Bassam Kanj was born in Lebanon in 1965. In 1984 he moved to the United States and married an American woman, becoming a naturalized U.S. citizen. He then followed a path that was becoming familiar to us: fighting the Soviets in Afghanistan, he returned to the United States when the war ended and in subsequent years regularly traveled back to Afghanistan to train at Khaldan.
It was under Abu Zubaydah that he picked up the alias Abu A’isha and met Raed Hijazi, Khalil Deek, and others with U.S. citizenship who frequented the master terrorist facilitator’s camp. In 1995 Kanj moved to Boston and started driving a cab for the same company as Hijazi. The two were good friends. They had roomed together before Kanj was married and continued to share quarters when Kanj’s wife was away. In 1998 Kanj left the United States and went to Lebanon, where he joined a radical group that called itself Takfir wal-Hijra.
On New Year’s Eve 1999, Kanj led a group of around 150 Sunni terrorists to the Dinnieh mountain region in northern Lebanon. The group was predominantly Palestinians and Syrians; Kanj had met many of them in training camps in Afghanistan. Their stated aim was to impose Sharia law in Lebanon.
They first ambushed an army unit in the village of Assoun, killing a few soldiers and kidnapping a commanding officer. When the Lebanese army sent in troops, the terrorists went on a rampage and for four days battled the troops, killing anyone who got in their way. The slaughter did nothing to further the terrorists’ singleminded devotion to their goal of imposing Sharia law. Another in the millennium series of plots was disrupted.

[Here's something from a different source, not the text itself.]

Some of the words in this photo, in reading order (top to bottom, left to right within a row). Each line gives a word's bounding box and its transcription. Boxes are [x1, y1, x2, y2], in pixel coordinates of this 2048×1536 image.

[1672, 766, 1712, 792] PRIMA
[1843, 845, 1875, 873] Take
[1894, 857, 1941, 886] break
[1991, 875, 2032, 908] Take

With Abu Hoshar, Deek, and the others in custody in Amman—and the group’s explosive materials confiscated—we had successfully thwarted the plot in Jordan. Those who were jailed provided significant information about the terrorist network. The only loose ends we knew about were Hijazi, who was still on the run—when we rounded up the suspects, he had been traveling back from Pakistan, and was somewhere in Syria, and so he never returned to Jordan—and Abu Zubaydah, who was somewhere in Afghanistan or Pakistan.

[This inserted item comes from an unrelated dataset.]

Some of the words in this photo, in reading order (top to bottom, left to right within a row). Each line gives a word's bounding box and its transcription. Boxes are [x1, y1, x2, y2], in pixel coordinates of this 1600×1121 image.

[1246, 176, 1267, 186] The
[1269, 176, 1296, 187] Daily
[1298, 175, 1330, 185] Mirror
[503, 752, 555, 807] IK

Until the millennium dawned, however, we obviously wouldn’t know for certain whether we had apprehended everyone. I stayed in Jordan, and on New Year’s Eve I went with Stephen Gaudin (then rotating in the country) to Abdin Circle, the main square in Amman: the Jordanian equivalent of Times Square. We told the New York FBI office we’d update them on what did or didn’t occur.
As the clock struck midnight, we heard small explosions and saw people running in every direction. We ran behind a parked car to take cover. What had we missed?
I asked people in Arabic what was happening. It turned out that a stage holding fireworks had collapsed, sending them shooting into the crowd. Stephen and I looked at each other with relief and started laughing.
I called the New York FBI office from my phone and was put through to John O’Neill in the JTTF command center in New York. “Jordan’s okay. Everything is good,” I told him.
“Happy New Year,” he said. “You guys did a great job.”
I put my cell phone back in my jacket and turned around to speak to Stephen, who had been standing next to me, but he wasn’t there. Then I saw him in the distance at an ATM. Like everyone, he had been reading stories of accounts getting messed up at the millennium—switching from 1999 to 2000 was said to be hard for bank computers—so he wanted to check that his money was safe.
He withdrew some cash, saw that his account was untouched, and walked back to me smiling and waving his Jordanian banknotes.